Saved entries
----------

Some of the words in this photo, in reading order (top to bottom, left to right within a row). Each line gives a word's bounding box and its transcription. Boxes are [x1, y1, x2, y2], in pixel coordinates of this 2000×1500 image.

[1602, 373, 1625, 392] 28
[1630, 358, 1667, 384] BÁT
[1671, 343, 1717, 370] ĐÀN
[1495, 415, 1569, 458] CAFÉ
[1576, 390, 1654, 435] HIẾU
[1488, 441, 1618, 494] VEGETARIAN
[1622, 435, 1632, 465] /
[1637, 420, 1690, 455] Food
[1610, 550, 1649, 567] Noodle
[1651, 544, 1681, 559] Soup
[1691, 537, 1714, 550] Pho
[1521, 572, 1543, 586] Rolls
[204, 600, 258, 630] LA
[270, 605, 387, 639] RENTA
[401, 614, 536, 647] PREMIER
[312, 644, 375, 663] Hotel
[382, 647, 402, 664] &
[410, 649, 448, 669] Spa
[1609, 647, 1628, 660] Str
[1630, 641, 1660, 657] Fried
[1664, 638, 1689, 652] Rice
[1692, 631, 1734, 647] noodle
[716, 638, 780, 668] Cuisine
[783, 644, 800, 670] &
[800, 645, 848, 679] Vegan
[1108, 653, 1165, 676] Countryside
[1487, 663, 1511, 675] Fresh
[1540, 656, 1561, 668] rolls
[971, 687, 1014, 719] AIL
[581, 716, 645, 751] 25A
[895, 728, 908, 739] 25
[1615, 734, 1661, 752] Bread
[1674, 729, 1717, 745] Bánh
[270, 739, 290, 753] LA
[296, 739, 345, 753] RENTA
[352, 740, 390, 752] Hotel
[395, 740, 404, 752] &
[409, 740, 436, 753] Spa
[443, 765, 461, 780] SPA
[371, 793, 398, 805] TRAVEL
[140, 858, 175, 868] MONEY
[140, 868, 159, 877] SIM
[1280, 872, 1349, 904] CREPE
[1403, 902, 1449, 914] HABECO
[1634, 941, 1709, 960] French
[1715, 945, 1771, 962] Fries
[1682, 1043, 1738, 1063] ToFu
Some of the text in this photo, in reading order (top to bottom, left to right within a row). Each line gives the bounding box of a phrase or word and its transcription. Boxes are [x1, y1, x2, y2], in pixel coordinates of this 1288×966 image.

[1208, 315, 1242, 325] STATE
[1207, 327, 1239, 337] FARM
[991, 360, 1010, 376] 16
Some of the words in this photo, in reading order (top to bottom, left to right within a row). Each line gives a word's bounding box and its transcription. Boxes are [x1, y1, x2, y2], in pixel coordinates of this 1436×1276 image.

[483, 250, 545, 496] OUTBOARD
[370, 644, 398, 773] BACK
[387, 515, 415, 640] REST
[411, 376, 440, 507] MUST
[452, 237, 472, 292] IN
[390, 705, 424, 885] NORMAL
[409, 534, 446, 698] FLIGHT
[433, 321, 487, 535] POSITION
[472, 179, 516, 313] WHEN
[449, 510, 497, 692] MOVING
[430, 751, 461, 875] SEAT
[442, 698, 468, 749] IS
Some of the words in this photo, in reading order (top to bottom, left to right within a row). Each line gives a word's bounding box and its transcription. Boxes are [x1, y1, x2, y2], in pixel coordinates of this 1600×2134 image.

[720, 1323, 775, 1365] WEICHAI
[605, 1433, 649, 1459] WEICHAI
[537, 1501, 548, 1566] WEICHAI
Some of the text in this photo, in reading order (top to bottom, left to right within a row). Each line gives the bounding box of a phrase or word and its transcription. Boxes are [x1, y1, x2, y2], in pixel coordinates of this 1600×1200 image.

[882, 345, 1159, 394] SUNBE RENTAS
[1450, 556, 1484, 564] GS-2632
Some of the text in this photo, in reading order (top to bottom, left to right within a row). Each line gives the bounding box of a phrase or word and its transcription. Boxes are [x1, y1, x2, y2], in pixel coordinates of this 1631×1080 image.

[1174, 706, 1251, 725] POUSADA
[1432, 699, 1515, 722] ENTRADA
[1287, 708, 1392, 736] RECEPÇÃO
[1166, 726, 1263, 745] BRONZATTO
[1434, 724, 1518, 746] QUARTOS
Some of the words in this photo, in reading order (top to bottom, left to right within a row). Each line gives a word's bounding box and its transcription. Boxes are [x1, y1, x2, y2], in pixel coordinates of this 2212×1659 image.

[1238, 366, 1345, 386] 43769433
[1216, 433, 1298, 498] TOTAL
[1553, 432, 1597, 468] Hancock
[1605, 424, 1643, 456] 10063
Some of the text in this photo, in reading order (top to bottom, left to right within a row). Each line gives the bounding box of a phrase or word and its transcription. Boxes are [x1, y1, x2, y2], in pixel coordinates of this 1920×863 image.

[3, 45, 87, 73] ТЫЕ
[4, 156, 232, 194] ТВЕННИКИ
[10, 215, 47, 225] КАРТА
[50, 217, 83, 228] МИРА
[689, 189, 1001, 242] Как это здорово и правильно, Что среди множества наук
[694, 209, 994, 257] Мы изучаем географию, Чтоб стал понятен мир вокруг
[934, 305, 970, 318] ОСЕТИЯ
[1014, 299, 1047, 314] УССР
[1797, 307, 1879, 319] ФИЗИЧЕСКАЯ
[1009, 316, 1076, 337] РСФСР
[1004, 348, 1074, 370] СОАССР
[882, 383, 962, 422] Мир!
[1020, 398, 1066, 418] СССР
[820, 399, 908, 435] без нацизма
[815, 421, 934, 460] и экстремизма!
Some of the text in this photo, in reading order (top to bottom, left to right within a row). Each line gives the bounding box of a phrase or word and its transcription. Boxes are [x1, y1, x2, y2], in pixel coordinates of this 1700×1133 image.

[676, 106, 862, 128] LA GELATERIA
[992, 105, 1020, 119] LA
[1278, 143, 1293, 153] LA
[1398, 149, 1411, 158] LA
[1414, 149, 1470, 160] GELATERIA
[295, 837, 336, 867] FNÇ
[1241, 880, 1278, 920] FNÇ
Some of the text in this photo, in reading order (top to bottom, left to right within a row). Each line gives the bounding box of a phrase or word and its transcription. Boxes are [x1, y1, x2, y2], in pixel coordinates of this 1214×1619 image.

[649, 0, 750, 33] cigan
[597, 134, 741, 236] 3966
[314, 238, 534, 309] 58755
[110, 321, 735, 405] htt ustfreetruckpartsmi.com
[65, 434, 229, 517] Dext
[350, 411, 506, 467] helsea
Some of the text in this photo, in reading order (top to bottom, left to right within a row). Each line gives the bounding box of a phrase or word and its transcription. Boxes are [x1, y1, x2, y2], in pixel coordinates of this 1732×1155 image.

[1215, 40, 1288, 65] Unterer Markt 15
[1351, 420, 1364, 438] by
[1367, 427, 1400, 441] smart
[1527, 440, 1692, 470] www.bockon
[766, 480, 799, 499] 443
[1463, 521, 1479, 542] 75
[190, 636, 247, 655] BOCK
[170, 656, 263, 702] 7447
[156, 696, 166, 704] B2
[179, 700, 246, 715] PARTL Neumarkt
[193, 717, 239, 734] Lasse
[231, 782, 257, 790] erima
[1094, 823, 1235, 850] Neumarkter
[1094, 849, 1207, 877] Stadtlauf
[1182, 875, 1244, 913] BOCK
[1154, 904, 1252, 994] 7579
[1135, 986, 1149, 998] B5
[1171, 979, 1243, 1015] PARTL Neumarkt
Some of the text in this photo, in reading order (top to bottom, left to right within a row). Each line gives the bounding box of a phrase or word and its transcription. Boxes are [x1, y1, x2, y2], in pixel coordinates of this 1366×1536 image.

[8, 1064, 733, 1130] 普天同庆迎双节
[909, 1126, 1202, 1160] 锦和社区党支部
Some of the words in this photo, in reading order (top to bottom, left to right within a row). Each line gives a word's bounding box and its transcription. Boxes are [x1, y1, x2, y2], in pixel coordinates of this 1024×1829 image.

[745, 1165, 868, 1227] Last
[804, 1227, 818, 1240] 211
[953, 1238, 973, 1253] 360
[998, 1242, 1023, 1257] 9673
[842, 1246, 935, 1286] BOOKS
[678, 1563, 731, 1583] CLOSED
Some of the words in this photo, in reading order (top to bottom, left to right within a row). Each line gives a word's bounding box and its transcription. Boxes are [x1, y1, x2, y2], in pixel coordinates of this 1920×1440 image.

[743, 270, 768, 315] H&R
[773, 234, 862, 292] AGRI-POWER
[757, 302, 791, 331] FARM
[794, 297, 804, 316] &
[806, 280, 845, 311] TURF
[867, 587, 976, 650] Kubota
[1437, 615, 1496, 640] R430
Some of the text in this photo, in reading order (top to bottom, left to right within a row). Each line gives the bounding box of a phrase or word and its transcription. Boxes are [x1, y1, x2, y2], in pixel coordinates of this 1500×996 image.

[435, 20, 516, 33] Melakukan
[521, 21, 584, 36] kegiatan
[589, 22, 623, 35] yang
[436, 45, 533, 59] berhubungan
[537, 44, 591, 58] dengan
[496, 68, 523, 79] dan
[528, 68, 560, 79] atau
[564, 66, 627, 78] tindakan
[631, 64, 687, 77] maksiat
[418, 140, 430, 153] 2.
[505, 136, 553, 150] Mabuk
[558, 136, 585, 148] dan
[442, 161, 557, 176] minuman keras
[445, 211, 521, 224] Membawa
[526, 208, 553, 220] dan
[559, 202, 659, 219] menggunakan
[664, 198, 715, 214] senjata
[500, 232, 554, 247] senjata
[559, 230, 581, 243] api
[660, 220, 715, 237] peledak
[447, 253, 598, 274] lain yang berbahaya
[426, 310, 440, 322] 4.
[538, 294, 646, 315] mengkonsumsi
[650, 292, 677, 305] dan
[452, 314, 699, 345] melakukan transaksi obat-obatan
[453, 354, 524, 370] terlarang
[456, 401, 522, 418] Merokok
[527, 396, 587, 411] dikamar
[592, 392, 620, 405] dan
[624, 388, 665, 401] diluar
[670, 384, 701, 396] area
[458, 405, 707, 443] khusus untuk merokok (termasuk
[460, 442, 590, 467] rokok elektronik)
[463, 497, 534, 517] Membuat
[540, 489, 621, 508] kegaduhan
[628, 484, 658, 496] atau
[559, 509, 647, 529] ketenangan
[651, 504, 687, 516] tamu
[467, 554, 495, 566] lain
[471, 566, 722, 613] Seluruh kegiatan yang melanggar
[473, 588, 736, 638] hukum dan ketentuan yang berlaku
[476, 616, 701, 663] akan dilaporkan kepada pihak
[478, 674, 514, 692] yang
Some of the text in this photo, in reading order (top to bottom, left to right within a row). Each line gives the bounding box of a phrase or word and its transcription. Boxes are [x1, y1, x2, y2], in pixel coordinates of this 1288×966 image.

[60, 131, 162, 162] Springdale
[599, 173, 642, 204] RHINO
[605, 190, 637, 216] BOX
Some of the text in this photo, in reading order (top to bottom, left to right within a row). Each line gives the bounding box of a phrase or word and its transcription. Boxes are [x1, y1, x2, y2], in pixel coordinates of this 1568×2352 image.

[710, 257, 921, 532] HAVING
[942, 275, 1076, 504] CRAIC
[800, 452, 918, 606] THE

----------

INSTRUCTIONS FOR THE TASK:
Exactly as they stand in the records above, print the lines from the one containing "this 1568×2352 image." through the final line, inclusive.

COMPLETED EXERCISE:
Some of the text in this photo, in reading order (top to bottom, left to right within a row). Each line gives the bounding box of a phrase or word and its transcription. Boxes are [x1, y1, x2, y2], in pixel coordinates of this 1568×2352 image.

[710, 257, 921, 532] HAVING
[942, 275, 1076, 504] CRAIC
[800, 452, 918, 606] THE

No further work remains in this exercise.